Toutefois, l’année 2015 nous a fait entrer dans une ère nouvelle au gré de mutations radicales qui sonnent la fin de l’innocence. Les attentats nous ont conduits à la guerre contre Daesh et le terrorisme islamiste.

La percée d’un bloc réactionnaire, en parallèle de l’affirmation du Front national comme force politique et électorale, est de plus en plus préoccupante.

Il devient alors nécessaire pour la gauche de revoir son agenda politique. Les réponses qu’elle apporte traditionnellement ne permettent pas de comprendre et d’éclairer un monde devenu « apolaire », plus chaotique que libéral. Le Parti socialiste qui doit son succès politique à la fusion de différents courants idéologiques de la gauche française est désormais appelé à constituer de nouveaux alliages et les rassembler dans une nouvelle architecture.

Le premier défi qui est posé est de proposer une République à l’offensive en reconnaissant que les questions sécuritaires et civilisationnelles s’imposent aujourd’hui d’elles-mêmes. Il s’agit de défendre dans la fermeté et la bienveillance le respect de l’Etat de droit et des valeurs républicaines. Le thème de la nation française doit conduire à une véritable réflexion au sein de la gauche d’autant qu’il est désormais perçu comme une communauté de droits et de devoirs plus qu’un statut juridique protecteur, en témoigne le débat polémique sur la déchéance de la nationalité.

Le deuxième défi à relever consiste à prendre le virage de l’économie de demain pour préserver notre souveraineté et notre modèle social. Face au dualisme qui persiste entre les travailleurs « à vie » et des chômeurs définitivement exclus, il faut abaisser les barrières autour de l’emploi et renouer avec l’esprit d’entreprendre, trop longtemps opposé à l’intérêt général. Cet esprit doit être pensé et promu comme un esprit d’émancipation, d’engagement social et citoyen.

Le troisième défi est de renouer avec l’égalité des chances, mise à mal par le poids toujours plus lourd du milieu social sur la réussite scolaire, la ségrégation sociale et le coût de l’immobilier, l’inégalité dans l’accès aux soins médicaux.
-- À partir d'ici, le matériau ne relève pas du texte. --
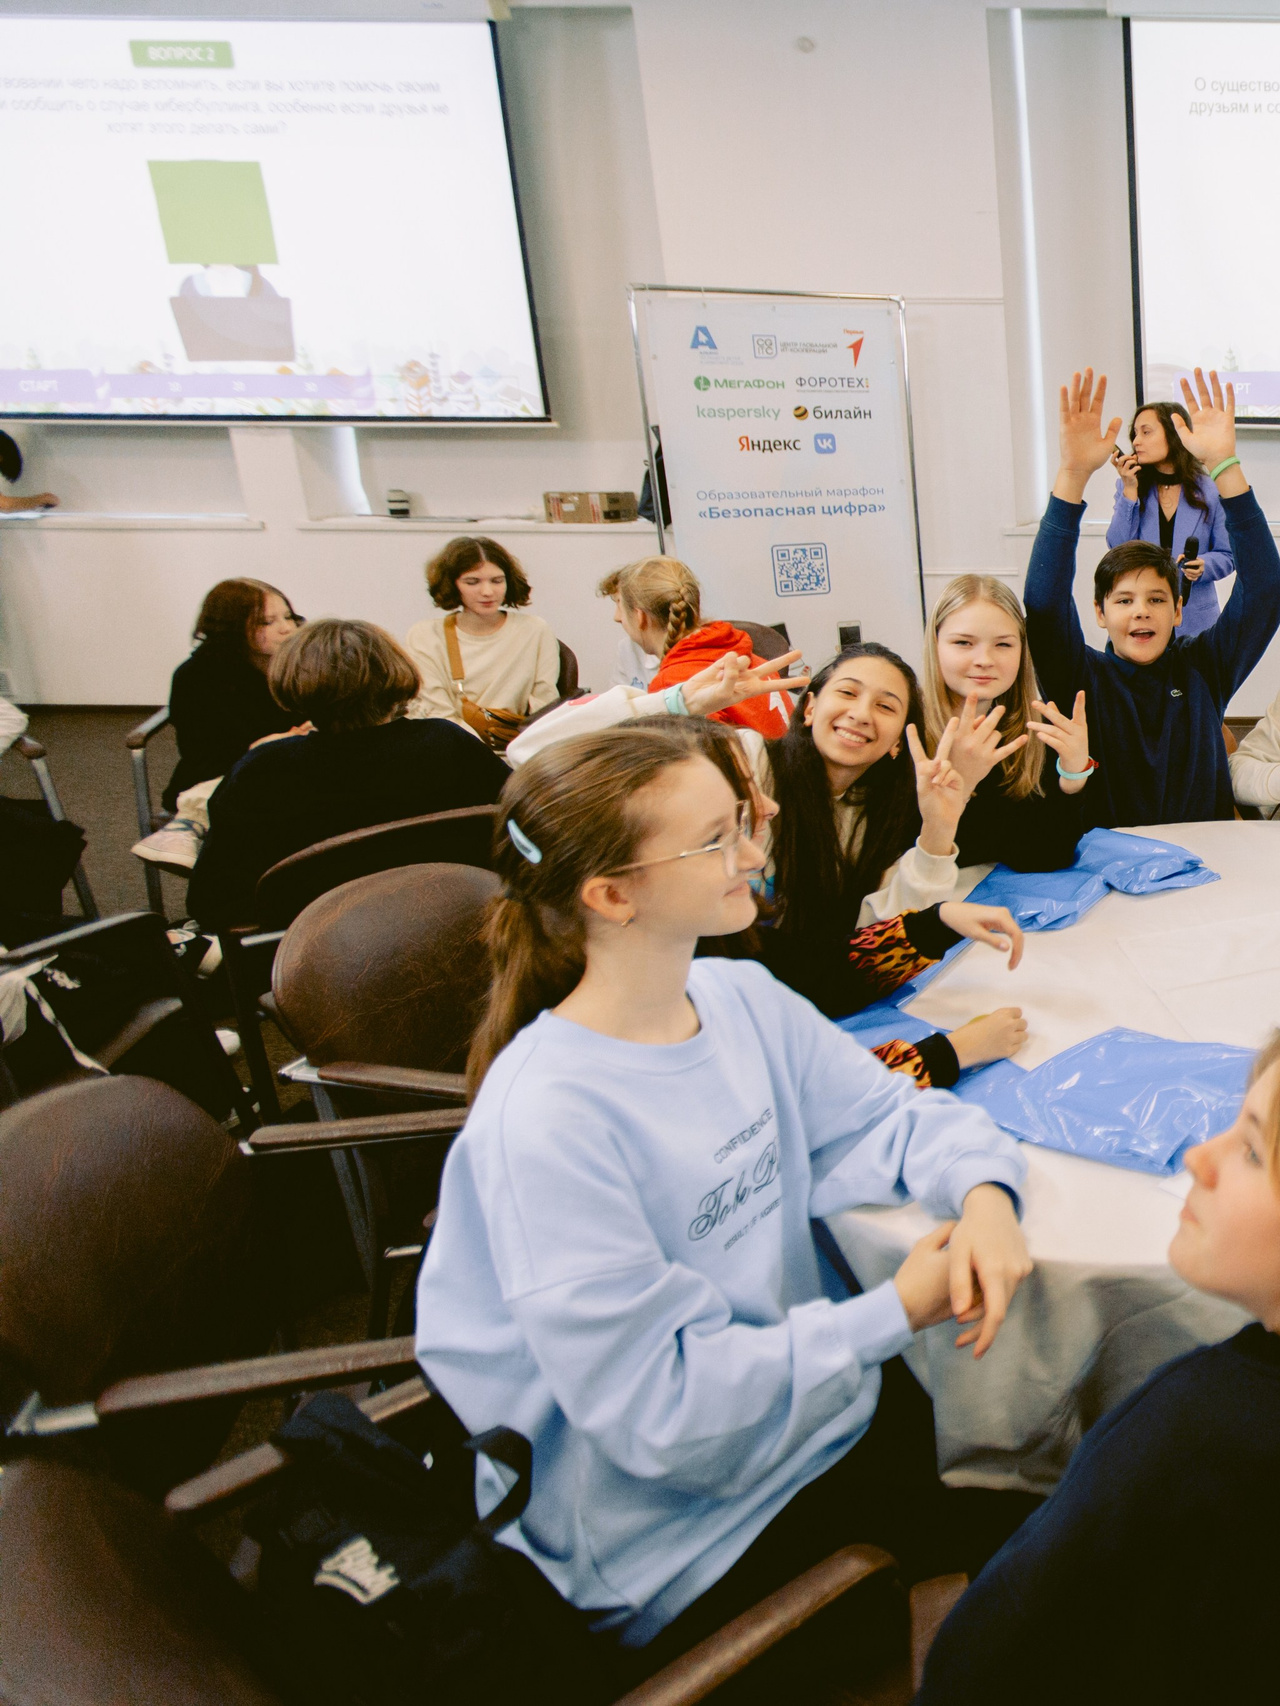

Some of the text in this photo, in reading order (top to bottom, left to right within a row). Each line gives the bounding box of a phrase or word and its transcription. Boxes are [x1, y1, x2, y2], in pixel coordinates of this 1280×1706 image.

[148, 46, 215, 62] ВОПРОС 2
[67, 78, 99, 90] чего
[103, 79, 138, 92] надо
[1194, 77, 1206, 91] О
[1189, 101, 1249, 117] друзьям
[1254, 102, 1263, 114] и
[696, 404, 781, 421] kaspersky
[812, 405, 872, 420] билайн
[738, 435, 801, 453] Яндекс
[696, 485, 885, 502] Образовательный марафон
[698, 501, 886, 519] «Безопасная цифра»
[713, 1108, 773, 1164] CONFIDENCE
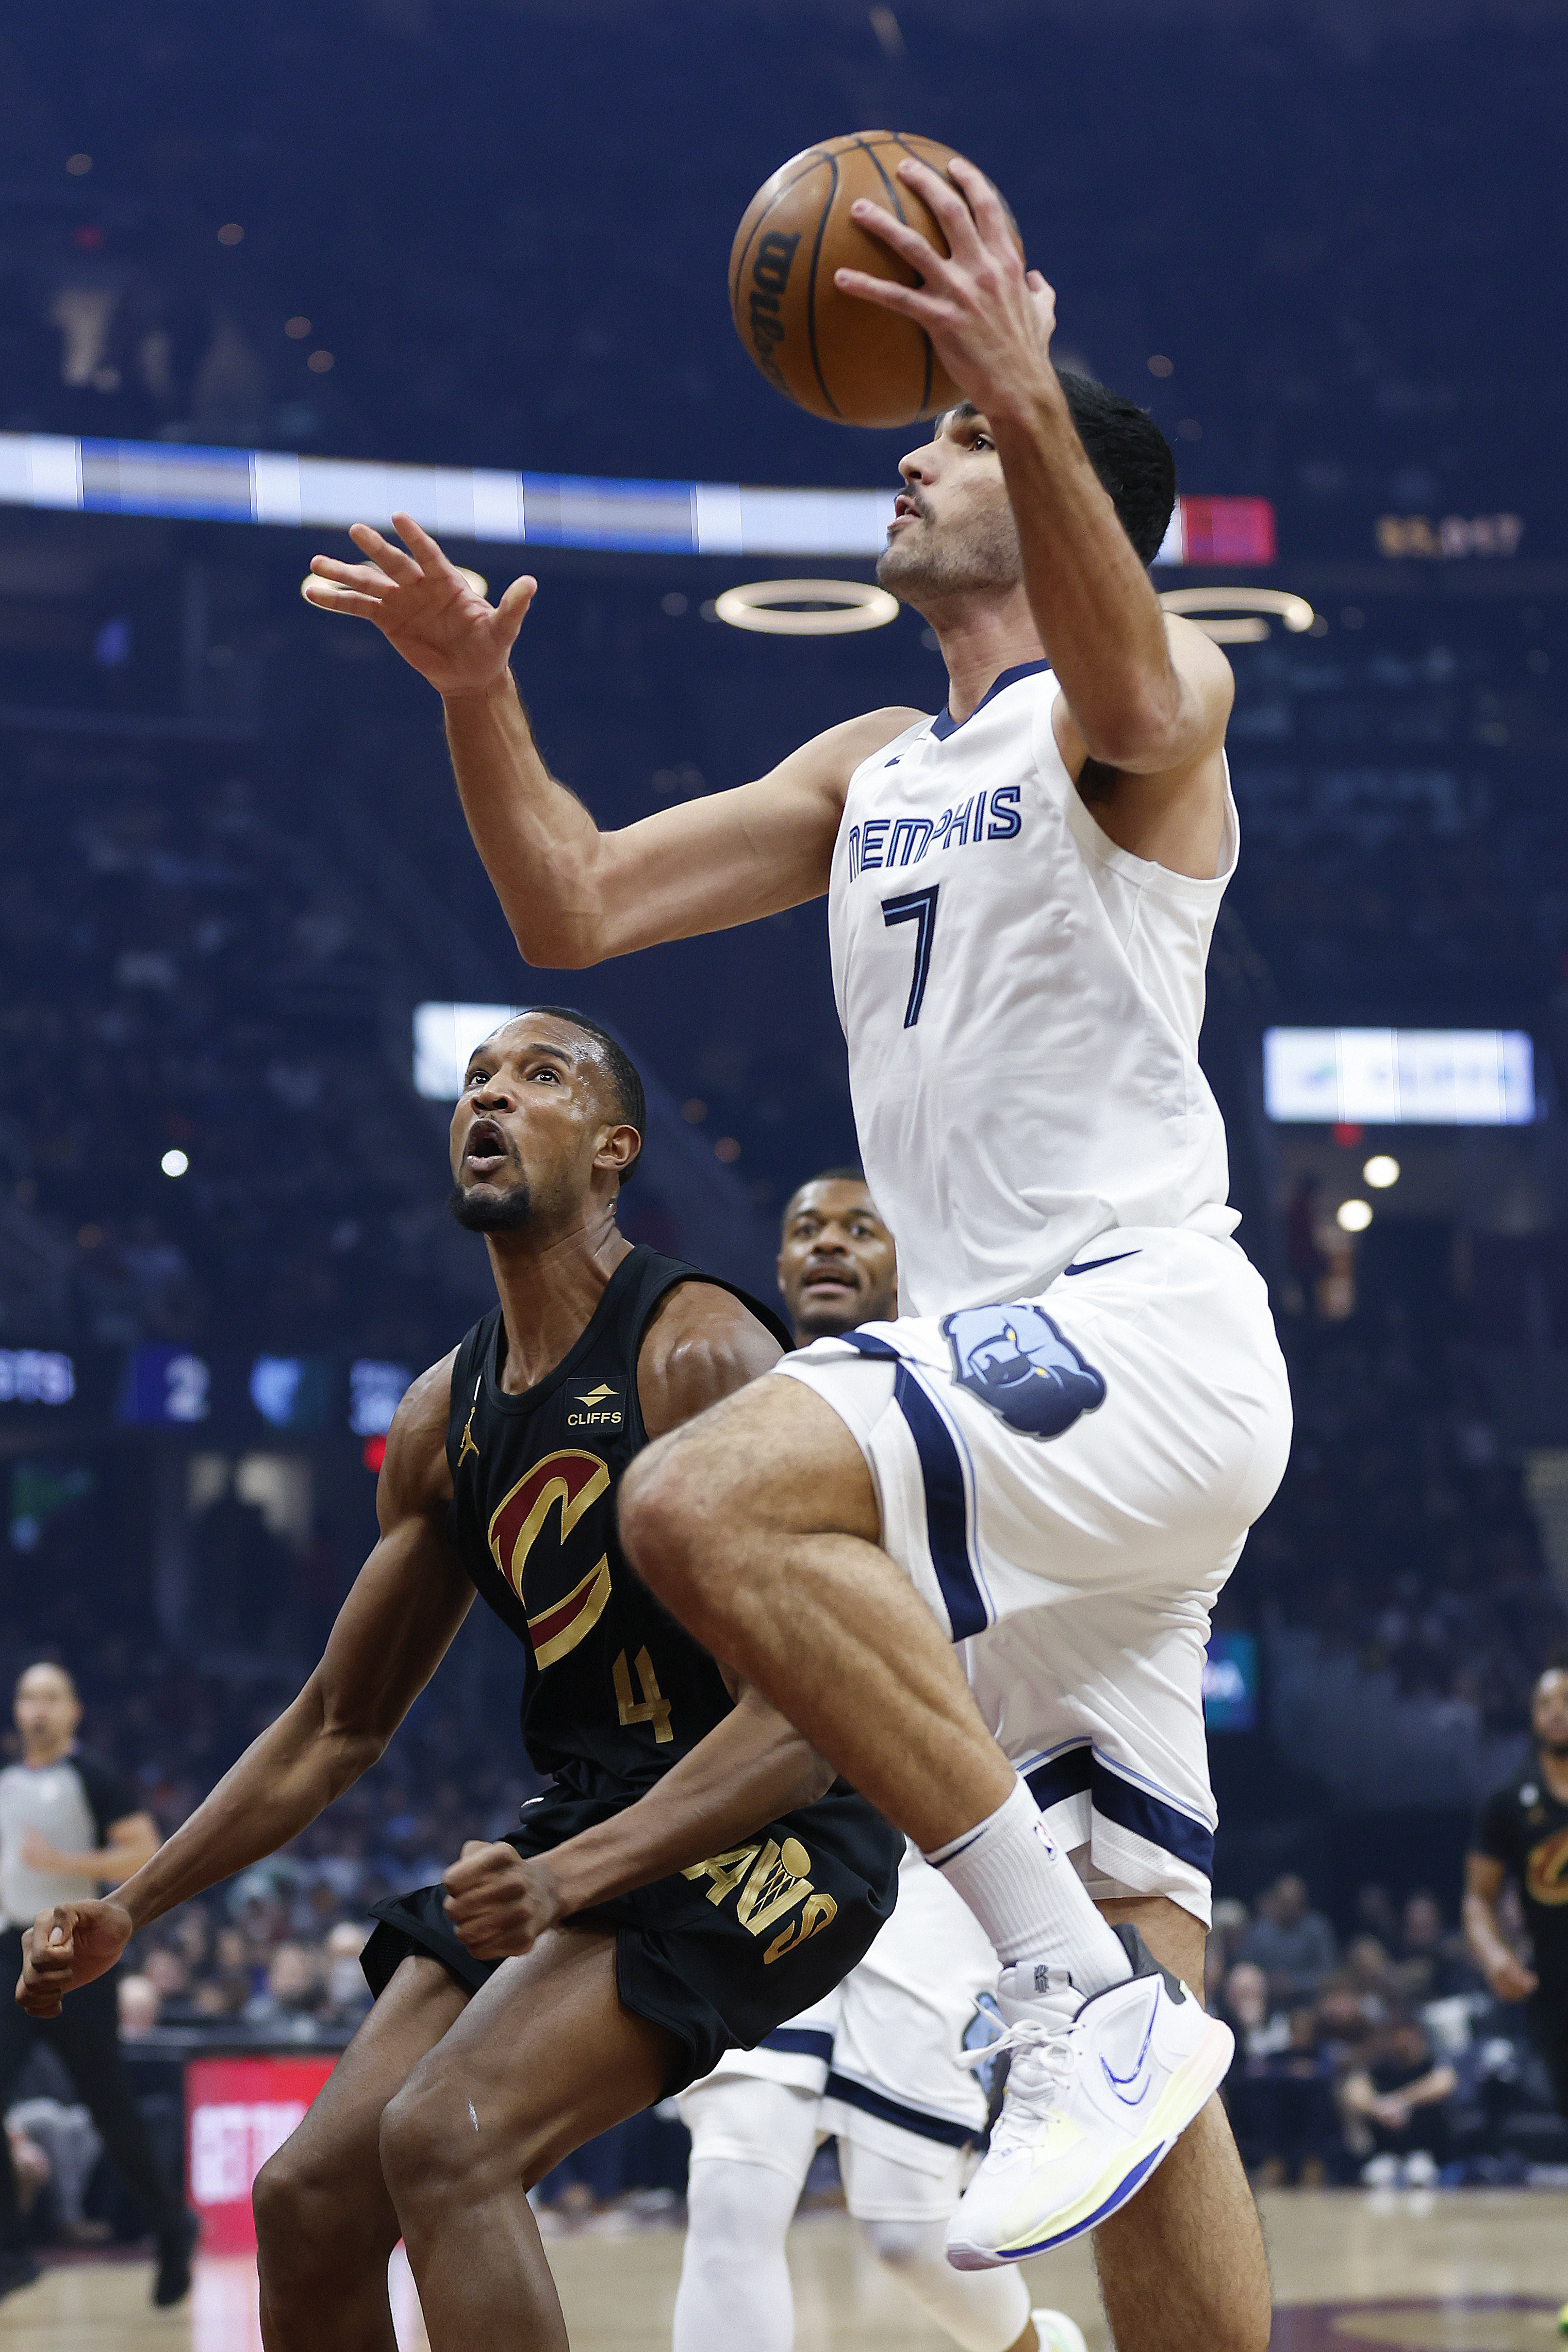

Ces trois priorités de gauche peuvent ainsi être à la base d’un compromis plus large. Au regard de la décomposition politique à l’œuvre dans les partis de gauche et de droite, la perspective des élections de 2017 devrait s’accompagner d’un temps de recomposition. Il s’agit alors, pour la gauche, de porter une réflexion plus stratégique qu’identitaire, allant de la présidentielle aux législatives, pour imposer le débat sur le camp républicain. Avec l’affirmation d’un camp républicain comme stratégie idéologique, comme périmètre politique commun, la gauche donnera le ton à la reconquête républicaine et pourra proposer un nouveau pacte de confiance autour de la coopération européenne, de la justice, du rassemblement et du refus de la xénophobie et du racisme.